Es dauert nicht lange, und man sieht nur noch Mais. Mais rechts, Mais links, Mais vorne und hinten - und darüber der strahlend blaue Himmel. Maislabyrinthe sind seit vielen Jahren ein großer Erfolg. In der Cuxland-Region gibt es gleich mehrere Möglichkeiten, den biologisch abbaubaren Freizeitspaß zu erleben. Paula und Nelly (beide 19), Urlaubsgäste aus Schleswig-Holstein, haben sich zusammen mit unserem Reporter ins hohe Grün gewagt und die beiden Maislabyrinthe in Otterndorf und Oederquart getestet. Der Natur-Irrgarten der Dorfgemeinschaft Oederquart wurde am vergangenen Wochenende geöffnet, das Labyrinth der Familie von Stemmen in Otterndorf ist schon seit einigen Wochen auf. In vier verschiedenen Kategorien haben unsere Testerinnen Punkte vergeben.
Paula und Nelly fanden die Otterndorfer Irrwege komplizierter als in Oederquart. Bei der Suche nach den Stempelstationen wären unsere Testerinnen fast verzweifelt. "In Otterndorf kann man sich noch besser verlaufen", lautet ihr Fazit. In Oederquart ist dafür die "Dschungelatmosphäre" besser: "Die Blätter schlagen einem richtig ins Gesicht. Man kann nicht so rennen", sagt Nelly. Im Otterndorfer Irrgarten sind die Wege etwas breiter. Jedes Labyrinth bekommt einen Punkt.

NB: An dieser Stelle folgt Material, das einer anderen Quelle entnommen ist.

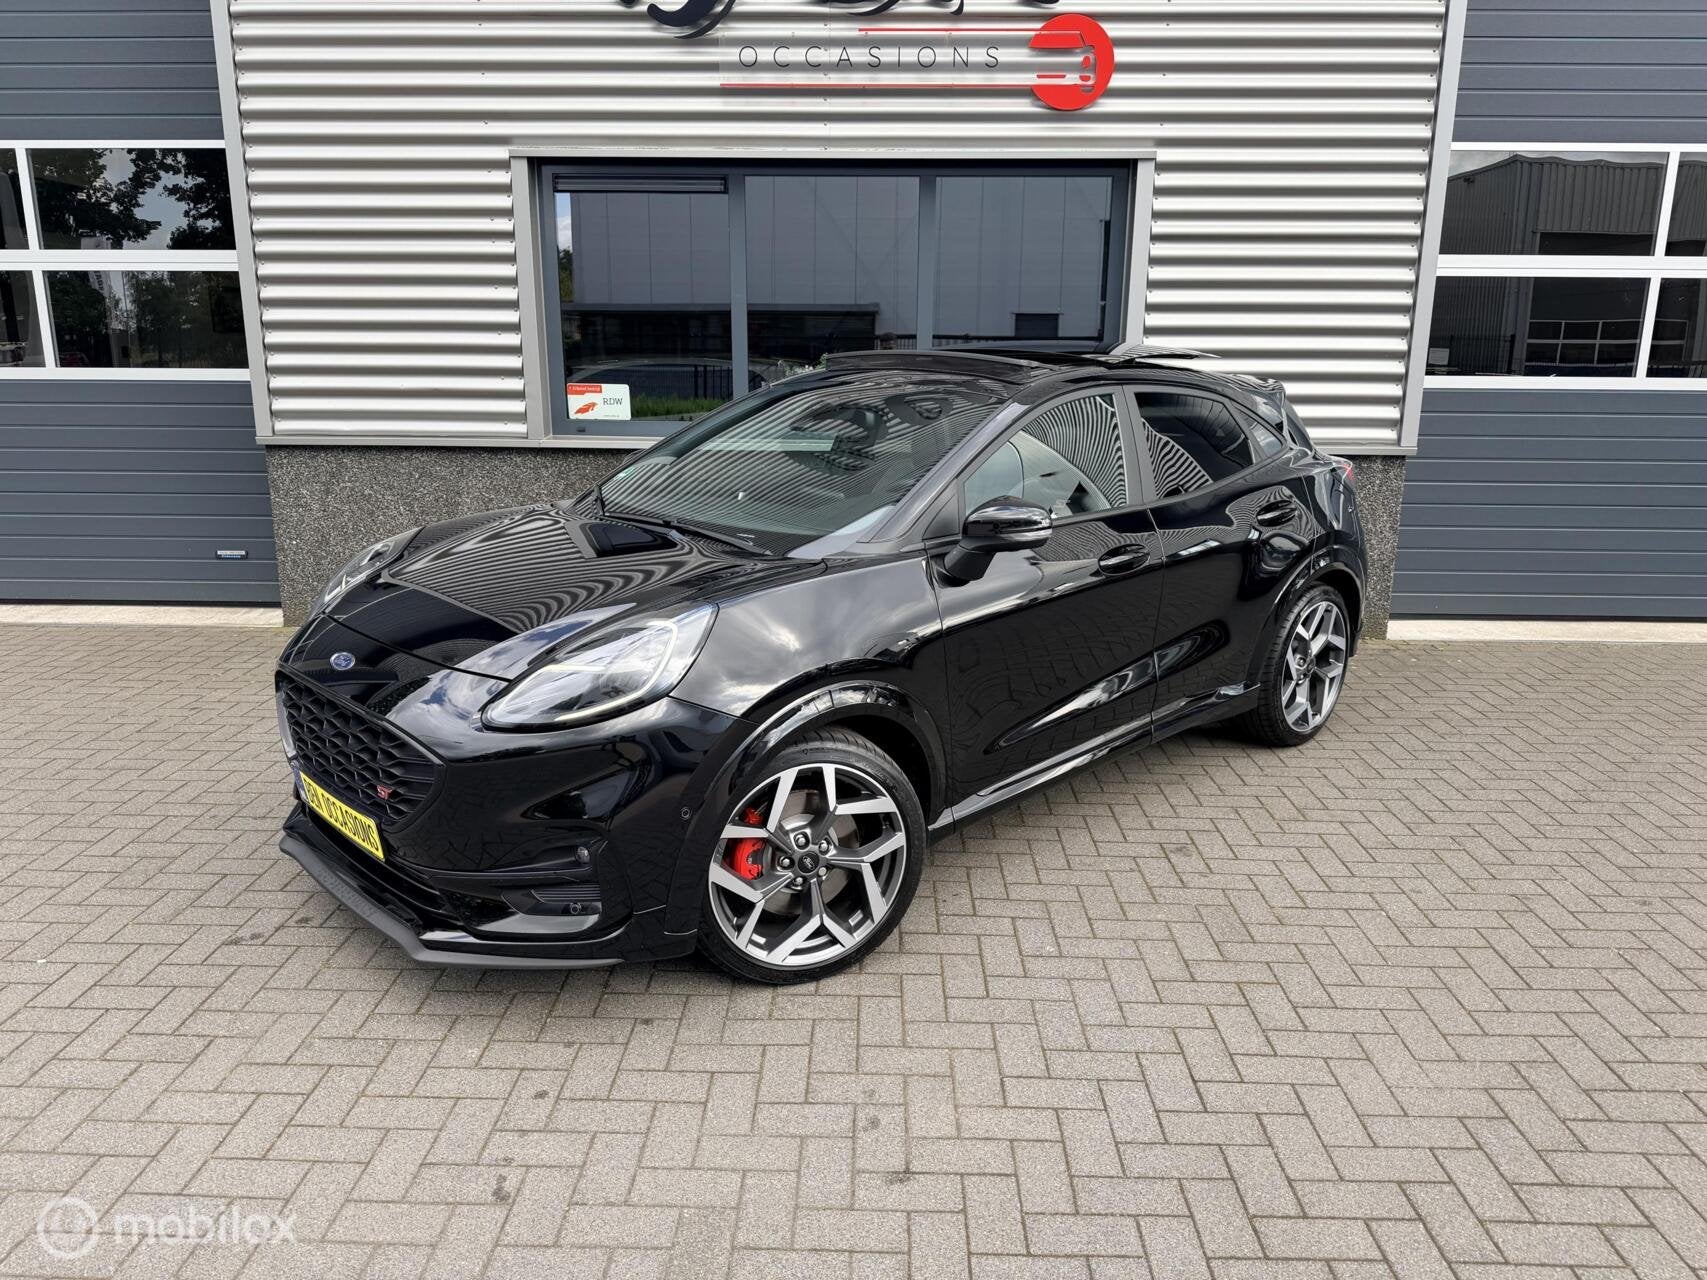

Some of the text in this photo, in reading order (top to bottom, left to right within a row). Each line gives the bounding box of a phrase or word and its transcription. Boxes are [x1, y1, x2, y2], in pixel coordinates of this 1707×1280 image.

[738, 45, 1000, 69] OCCASIONS
[376, 784, 393, 800] ST
[321, 792, 379, 852] OCCASIONS

Zusätzliche Angebote und Service: In Oederquart bietet die Dorfgemeinschaft am Labyrinth-Eingang allerlei Leckereien, Getränke und Geschicklichkeitsspiele an. Es gibt Liegestühle und Sitzbänke zum Verschnaufen. Besonderer Service: Wenn's regnet und die Irrgartenwege matschig sind, kann man sich Gummistiefel ausleihen und Regenponchos kaufen. Im Mais steht eine Aussichtsplattform, von der man die Weite der Felder wunderbar überblicken kann. Auch in Otterndorf gibt's einen Aussichtsturm, aber sonst keine weiteren Extras. Der Grünstrand und das Feriengebiet mit weiteren Freizeitmöglichkeiten sind aber nicht weit. Der Punkt geht an Oederquart.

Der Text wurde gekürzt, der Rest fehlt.